Defense Secretary-designate Robert M. Gates said yesterday he plans to review the tactics being used by forces taking part in the five-year hunt for bin Laden, although he noted that bin Laden has become more a symbol to terrorists and less an active planner and organizer of attacks.
"While it's important to continue the search for Osama bin Laden, I think that his ability to directly organize and plan the kind of attacks against us that hurt us so badly in September of 2001 is very limited now," Mr. Gates said. "And I think that it's important to keep him on the run."
The challenge in chasing al Qaeda leaders is "figuring out where they're going to be, not where they've been, and getting the information in a way that is timely enough to act on it," Mr. Gates said.
"With that kind of intelligence lacking," he said, "the way we'll catch bin Laden eventually, in my view, is that just as in the case of Saddam Hussein, one of his own people will turn him in."
"I think just as he is not organizing things any longer, but remains a powerful symbol, I think being able to capture or kill him would have a powerful symbolic impact also," Mr. Gates told the Senate Armed Services Committee.
Last week, Director of National Intelligence John D. Negroponte was asked why bin Laden has eluded the manhunt.
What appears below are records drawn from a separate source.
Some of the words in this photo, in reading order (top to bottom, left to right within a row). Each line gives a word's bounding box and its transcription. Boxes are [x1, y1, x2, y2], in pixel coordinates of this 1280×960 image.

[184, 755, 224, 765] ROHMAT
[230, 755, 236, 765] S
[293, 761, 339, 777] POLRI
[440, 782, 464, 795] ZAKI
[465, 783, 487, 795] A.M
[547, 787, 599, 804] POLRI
He said he would not provide "a long exegesis" explaining the failure so far.
"Obviously, we're not going to give up on our efforts to track him down," Mr. Negroponte said after a speech at Harvard University.
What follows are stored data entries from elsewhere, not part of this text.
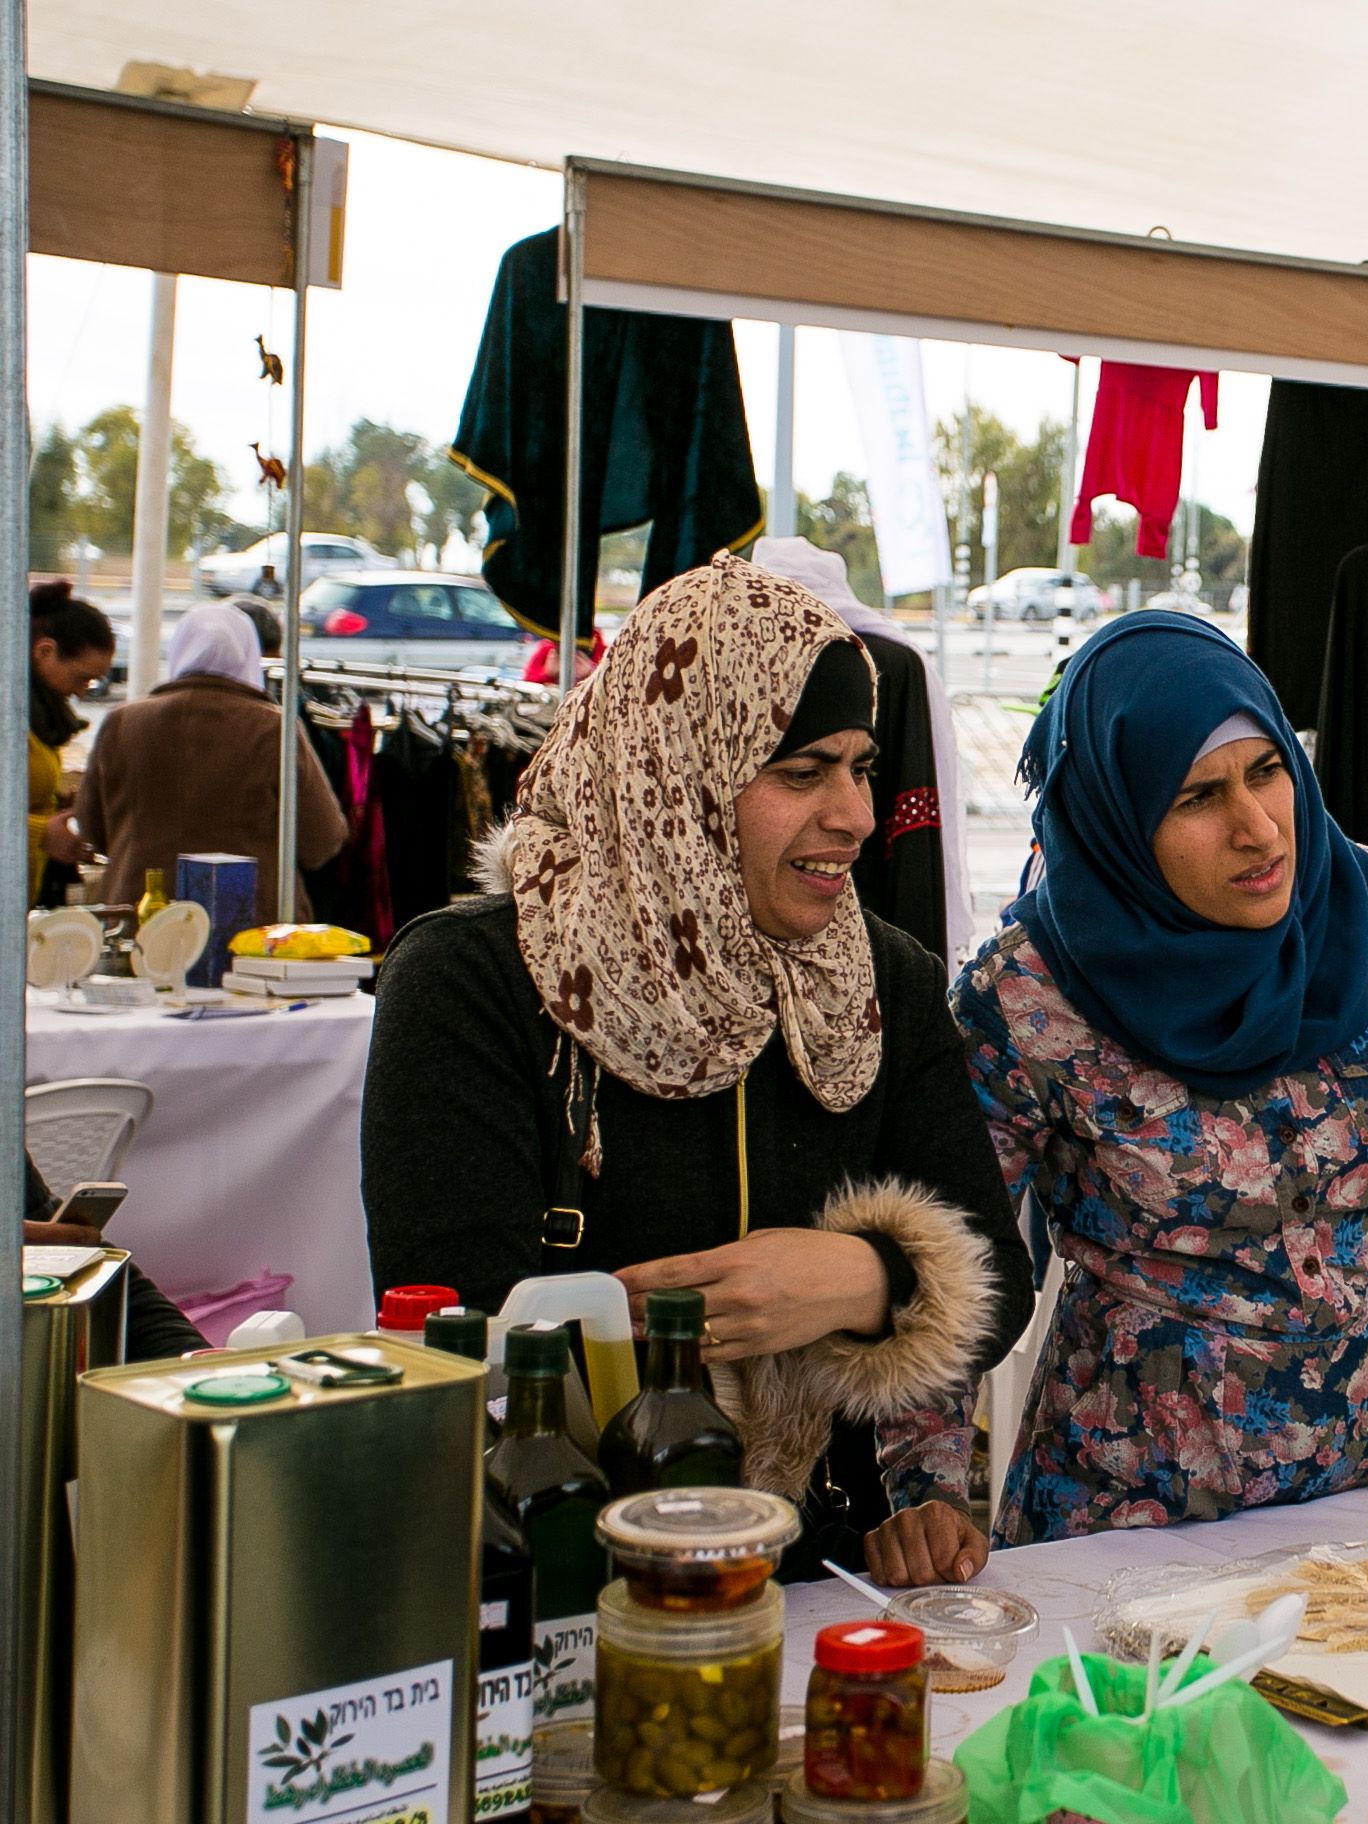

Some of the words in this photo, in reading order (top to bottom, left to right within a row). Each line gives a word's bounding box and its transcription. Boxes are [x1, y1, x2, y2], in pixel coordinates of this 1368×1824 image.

[553, 1626, 594, 1659] הירוק
[384, 1687, 405, 1714] בד
[411, 1678, 440, 1707] בית
[478, 1676, 511, 1708] הירו
[328, 1694, 377, 1735] הירוק
CIA Director Michael V. Hayden told WTOP radio last week that both bin Laden and al-Zawahri are "still alive" and "and working to hurt the people and values of the United States."
Intelligence officials said bin Laden and al-Zawahri are hiding in separate locations somewhere in the extremely rugged and mountainous border region separating Pakistan and Afghanistan. Scores to several hundred regular and special-operations troops and CIA officers are working in several task forces to locate both bin Laden and his deputy, al-Zawahri, along the 1,200-mile border.
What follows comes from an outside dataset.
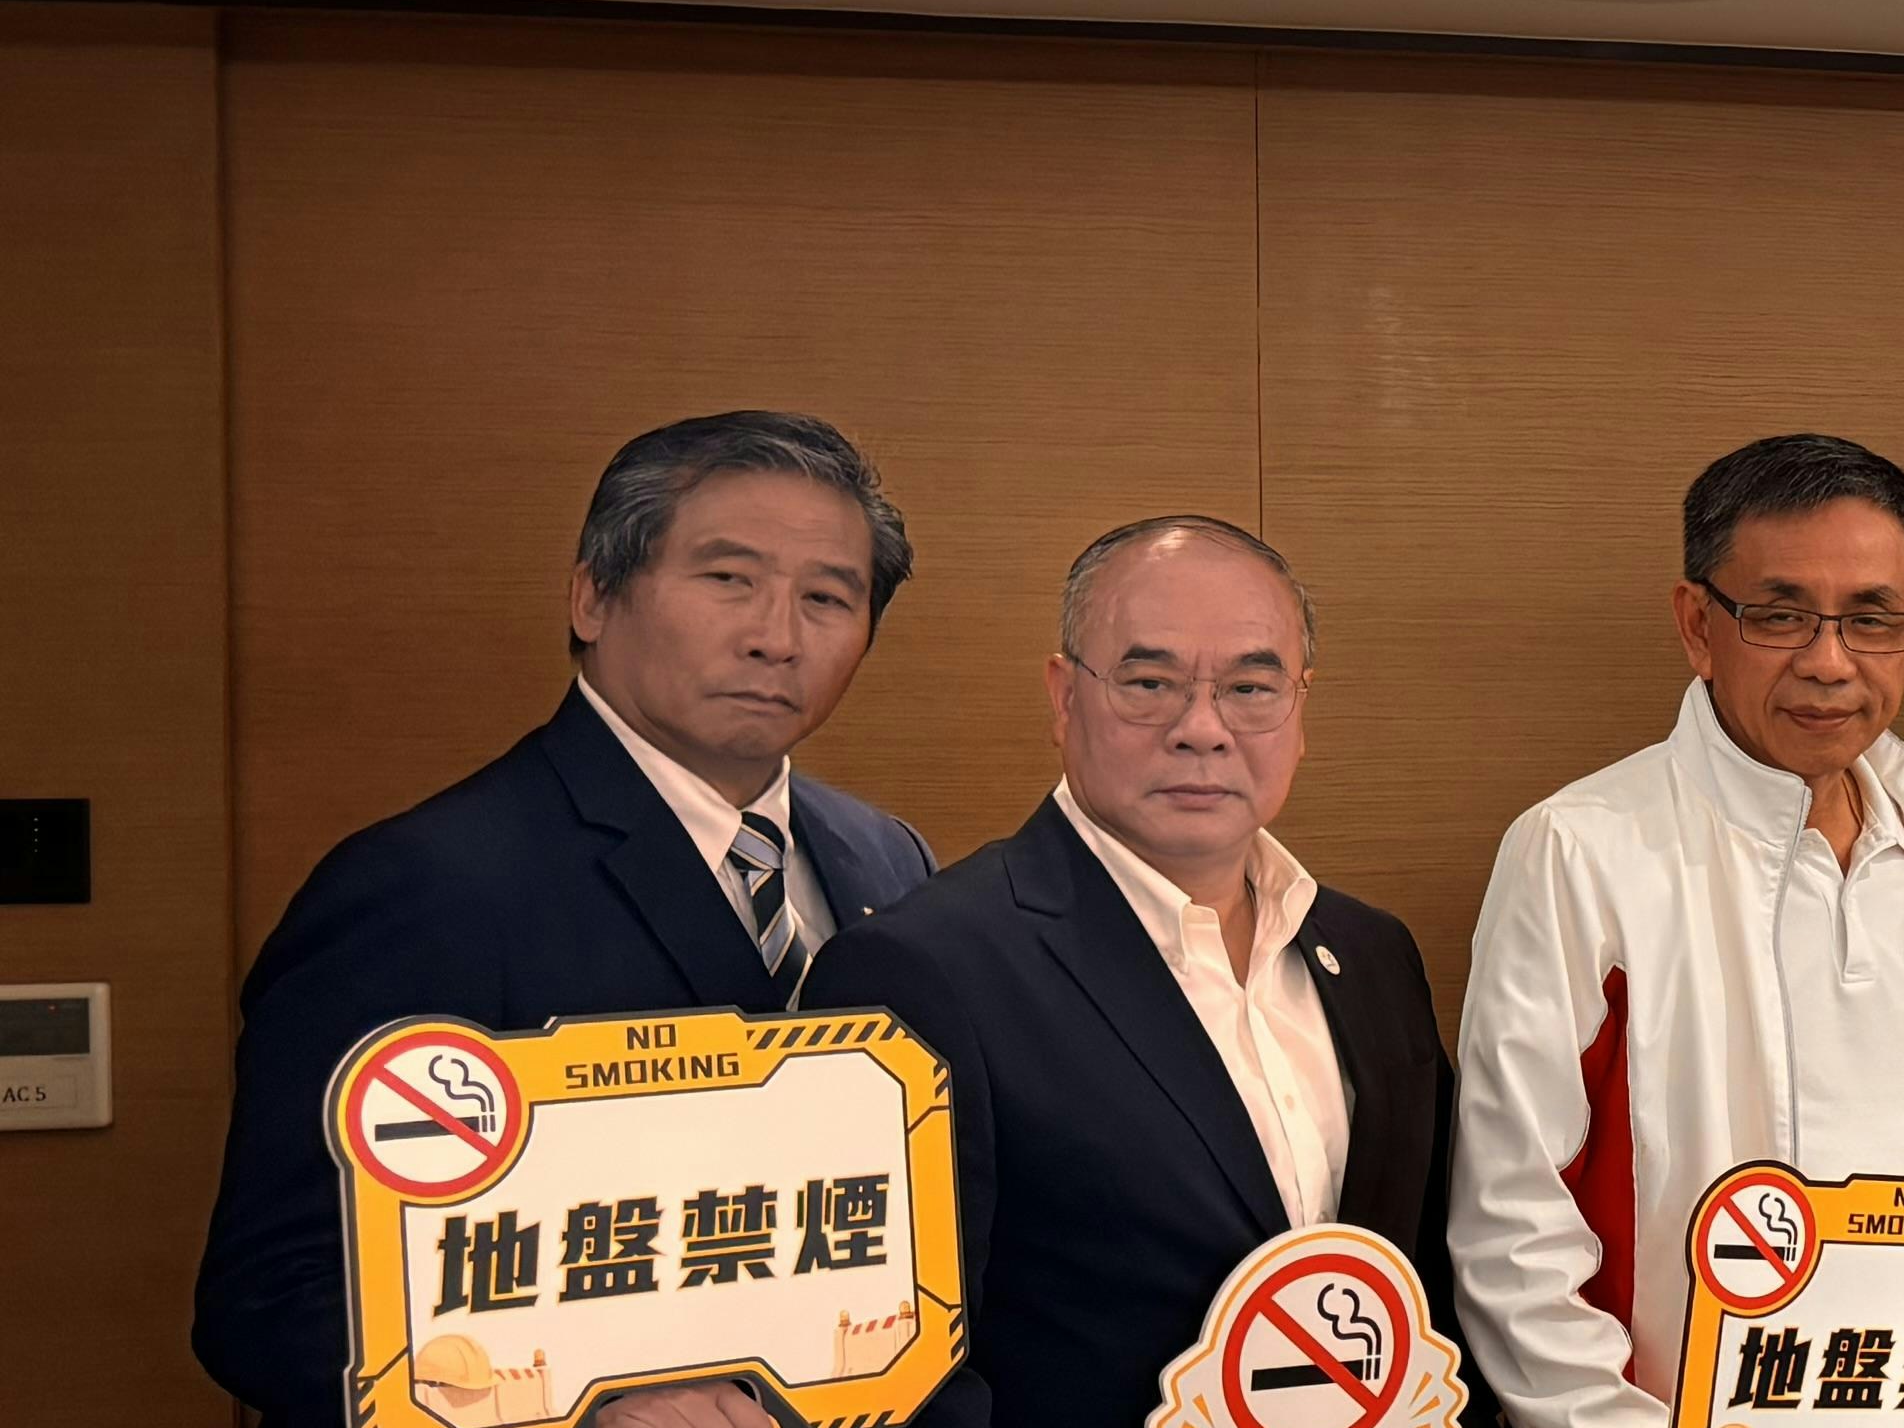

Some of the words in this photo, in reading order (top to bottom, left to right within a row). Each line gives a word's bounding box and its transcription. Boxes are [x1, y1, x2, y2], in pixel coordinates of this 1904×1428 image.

The State Department, for its part, is supporting programs in Afghanistan and Pakistan to develop the ungoverned border region as part of a "drain-the-swamp" anti-terrorism campaign.
John Gastright, deputy assistant secretary of state for South Asia, said the United States is supporting a Pakistani plan to spend $750 million over five years to develop the border region so it won't support terrorists.
Several billion dollars in U.S. and international funds also were spent in Afghanistan as well, including the border region. "The reality is that over time [al Qaeda] won't find a home there" once the area is developed, he said.
Dennis Pluchinsky, a former State Department counterterrorism analyst, said bin Laden's low profile is likely the result of poor health or because he is hiding in an ultra-secret location that is too risky to conduct videotaping.
"The last possibility leads to the intriguing question of whether it is more secure to make many movements, or to stay in one place for a lengthy period of time," he said. "The more you move, the more opportunities for someone to see you move. The longer you stay in one place, the greater the possibility that the enemy may find you, especially in sector searches."
Gen. Hayden told the Senate Armed Services Committee in congressional testimony on Nov. 15 that killing or capturing bin Laden and al-Zawahri will not end the al Qaeda threat, but "probably would contribute to the unraveling of the central al Qaeda organization."
Al Qaeda's "physical safe haven in the Afghanistan-Pakistan border area," Gen. Hayden said, gives the terrorists "the physical -- and psychological -- space needed to meet, train, expand its networks and prepare new attacks."